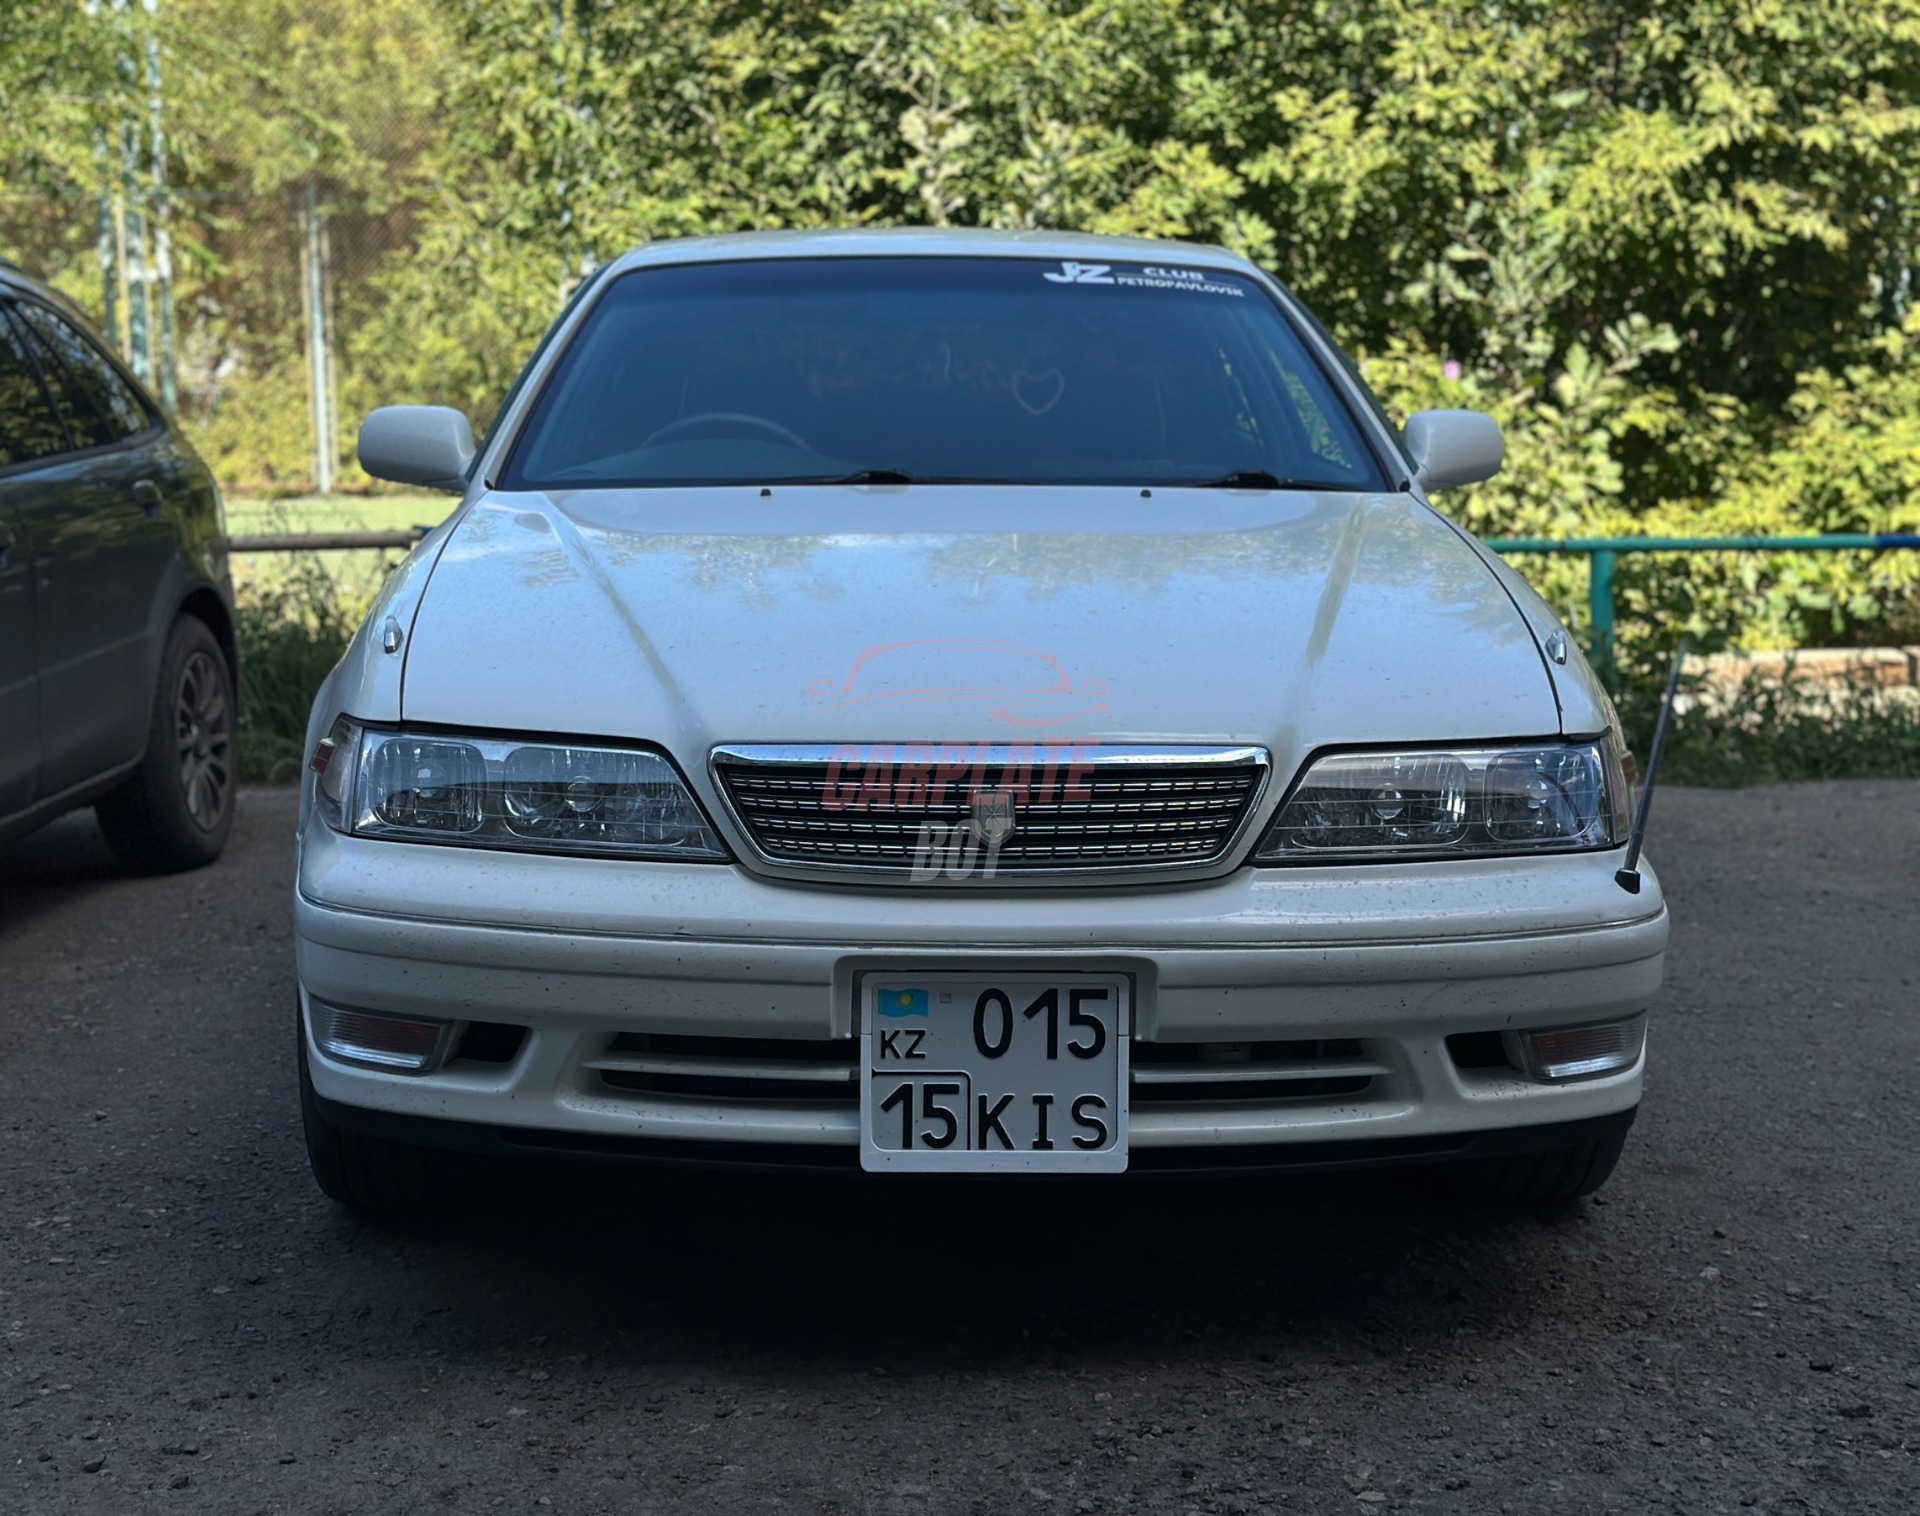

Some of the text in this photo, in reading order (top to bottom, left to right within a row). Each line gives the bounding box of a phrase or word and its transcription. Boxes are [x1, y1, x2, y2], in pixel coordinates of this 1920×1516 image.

[1043, 261, 1115, 284] JZ
[1117, 277, 1244, 297] PETROPAVLOVSK
[1143, 267, 1205, 281] CLUB
[973, 988, 1109, 1060] 015
[880, 1029, 926, 1059] KZ
[880, 1082, 960, 1150] 15
[978, 1094, 1108, 1150] KIS
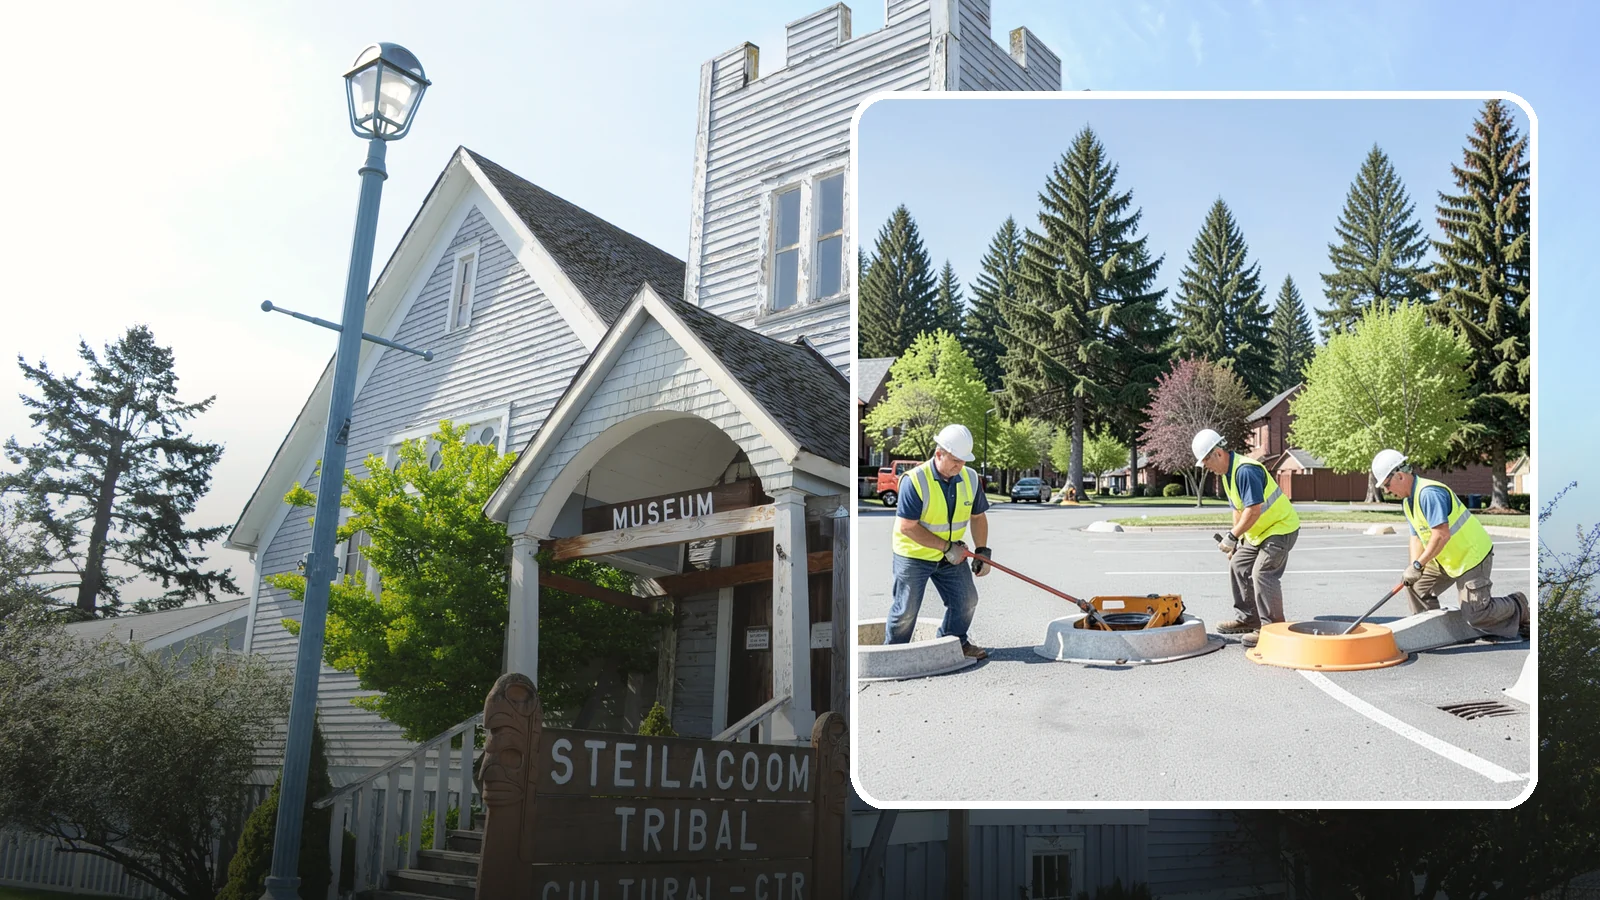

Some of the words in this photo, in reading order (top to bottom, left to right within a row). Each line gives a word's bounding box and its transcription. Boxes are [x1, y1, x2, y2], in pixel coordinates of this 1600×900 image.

[613, 492, 713, 530] MUSEUM
[550, 738, 809, 792] STEILACOOM
[614, 806, 757, 851] TRIBAL
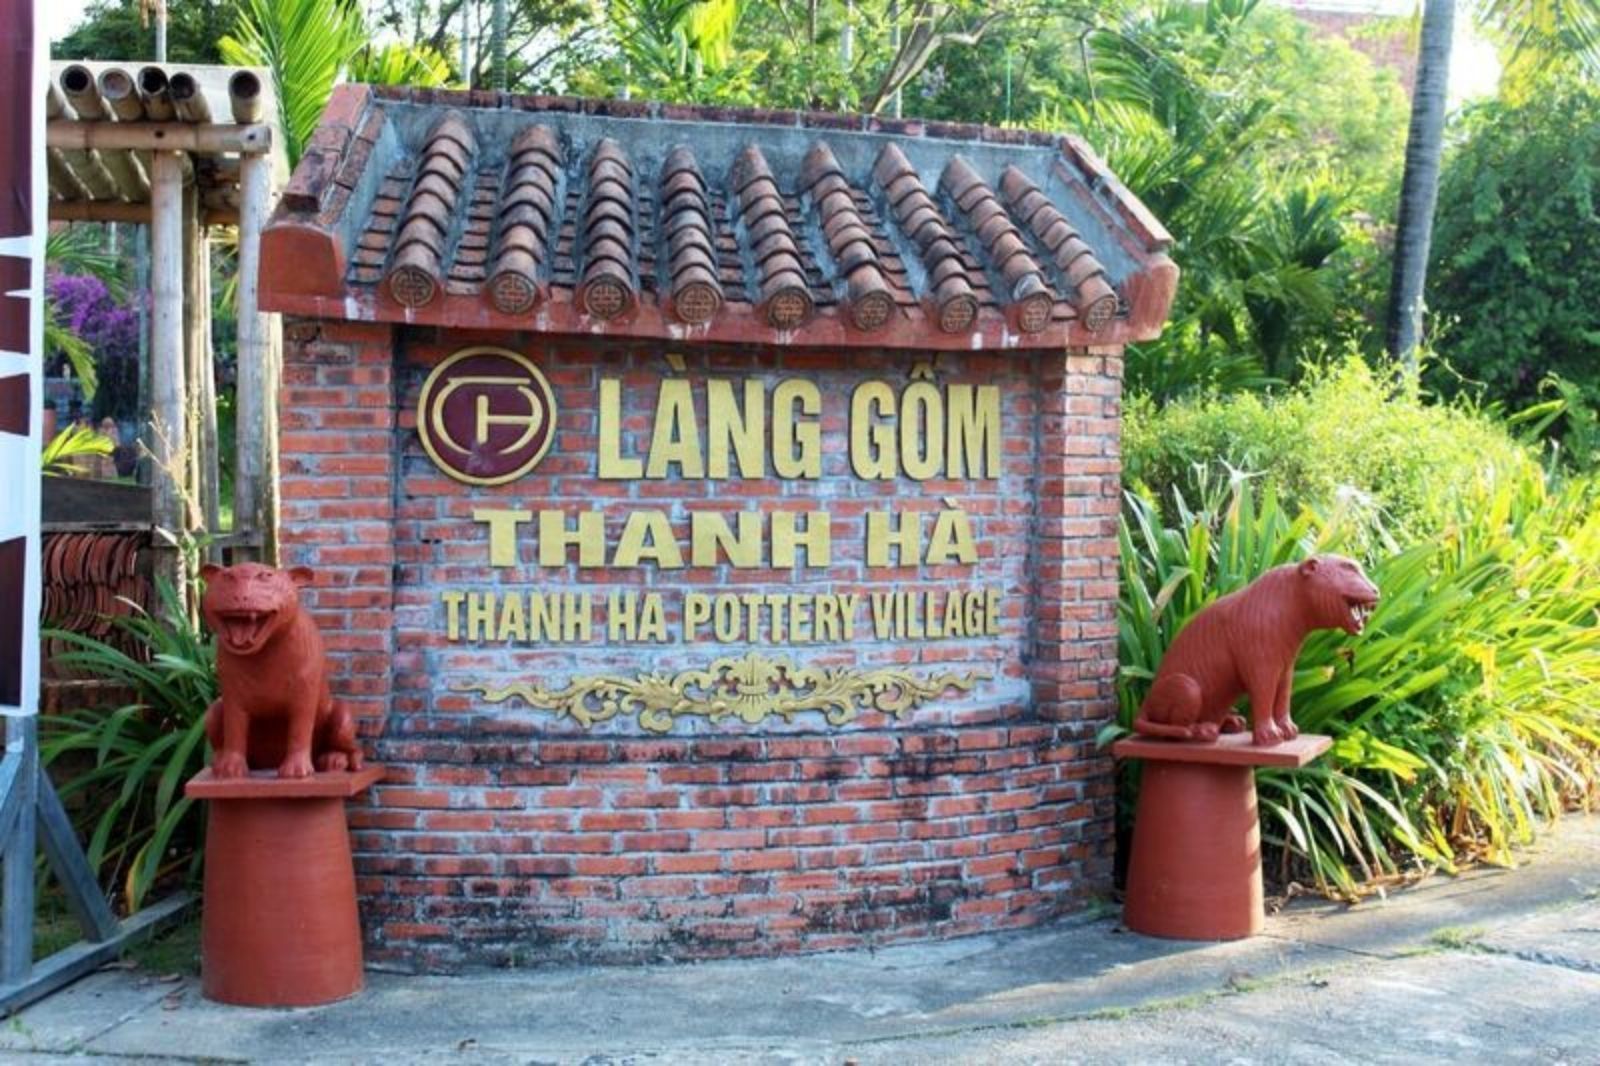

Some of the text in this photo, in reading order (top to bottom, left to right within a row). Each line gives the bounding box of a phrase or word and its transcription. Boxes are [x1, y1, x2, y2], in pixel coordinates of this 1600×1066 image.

[599, 352, 1001, 480] LÀNG GỐM
[473, 497, 979, 568] THANH HÀ
[442, 589, 1001, 643] THANH HA POTTERY VILLAGE

■ Work to be completed:
A verbatim copy of the listing is required, with all pictures left out.

■ Reply to the exercise:
Some of the text in this photo, in reading order (top to bottom, left to right within a row). Each line gives the bounding box of a phrase or word and its transcription. Boxes are [x1, y1, x2, y2], in pixel coordinates of this 1920×1516 image.

[1043, 261, 1115, 284] JZ
[1117, 277, 1244, 297] PETROPAVLOVSK
[1143, 267, 1205, 281] CLUB
[973, 988, 1109, 1060] 015
[880, 1029, 926, 1059] KZ
[880, 1082, 960, 1150] 15
[978, 1094, 1108, 1150] KIS

Some of the words in this photo, in reading order (top to bottom, left to right within a row). Each line gives a word's bounding box and its transcription. Boxes are [x1, y1, x2, y2], in pixel coordinates of this 1600×900 image.

[613, 492, 713, 530] MUSEUM
[550, 738, 809, 792] STEILACOOM
[614, 806, 757, 851] TRIBAL

Some of the text in this photo, in reading order (top to bottom, left to right within a row). Each line gives the bounding box of a phrase or word and its transcription. Boxes are [x1, y1, x2, y2], in pixel coordinates of this 1600×1066 image.

[599, 352, 1001, 480] LÀNG GỐM
[473, 497, 979, 568] THANH HÀ
[442, 589, 1001, 643] THANH HA POTTERY VILLAGE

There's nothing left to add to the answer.